This hearty fall and winter soup is inspired and lightly seasoned. It is also a versatile way to use any squash of the season, even sweet potatoes. It is full of nutrients, delicious, gluten free and dairy free. Feel free to add your personal touch, it's up to you!
Ingredients
2 TB olive oil
3 cloves garlic, peeled
1 medium onion, chopped
2-3 pounds butternut squash, peeled, seeded and cubed
3 c. vegetable broth
2 c. almond milk
2 tsp lemon or lime juice
2 TB Nutritional Yeast
1 tsp. garlic powder
1 tsp. onion powder
1 tsp. curry powder
Salt to taste
Instructions
- In a large pot, heat the olive oil on medium high heat.

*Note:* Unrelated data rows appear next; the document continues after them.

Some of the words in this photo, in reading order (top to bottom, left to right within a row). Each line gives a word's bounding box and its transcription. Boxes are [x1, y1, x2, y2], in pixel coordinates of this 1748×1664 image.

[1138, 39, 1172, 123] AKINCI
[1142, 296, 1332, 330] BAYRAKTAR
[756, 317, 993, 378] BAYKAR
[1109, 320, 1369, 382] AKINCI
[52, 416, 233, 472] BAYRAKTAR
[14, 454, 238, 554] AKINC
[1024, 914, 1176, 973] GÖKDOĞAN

- Add the onion and garlic, then add the butternut squash. Stir & saute for 5-7 minutes.
- Add the broth, milk, salt and the rest of the seasonings. Stir and simmer for 10-15 minutes or until the butternut squash becomes tender. Test with fork for tenderness.

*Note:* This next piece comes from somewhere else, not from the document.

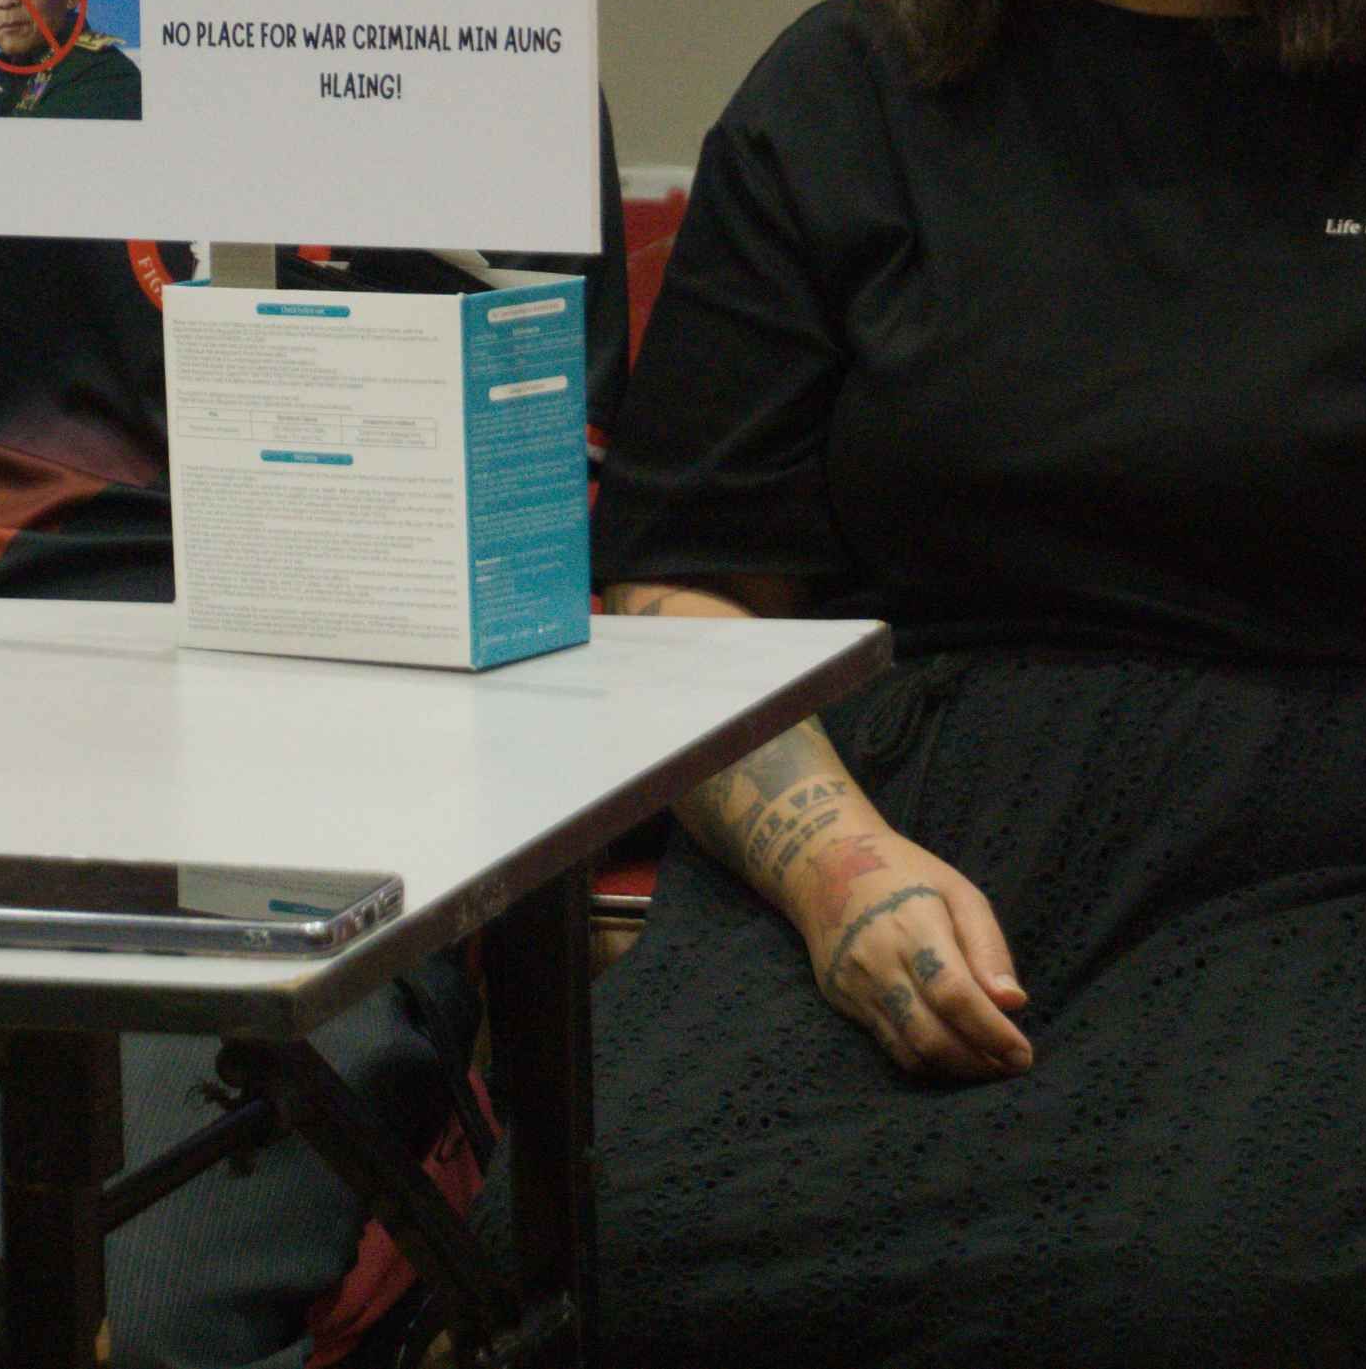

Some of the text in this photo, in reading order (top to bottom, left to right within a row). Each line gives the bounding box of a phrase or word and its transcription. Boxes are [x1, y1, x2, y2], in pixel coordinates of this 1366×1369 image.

[163, 22, 561, 53] NO PLACE FOR WAR CRIMINAL MIN AUNG
[320, 73, 401, 99] HLAING!
[1325, 218, 1362, 235] Life

- Remove from heat and make sure it's cool enough to put in the blender.
- Pour half of the mixture in the blender, add part of the lime or lemon juice and blend until smooth and creamy. Do the same on the other half.
- Pour back in a pot. Test and taste, adjust the taste if needed.
- Serve in a bowl and garnish with parsley or roasted pumpkin seeds.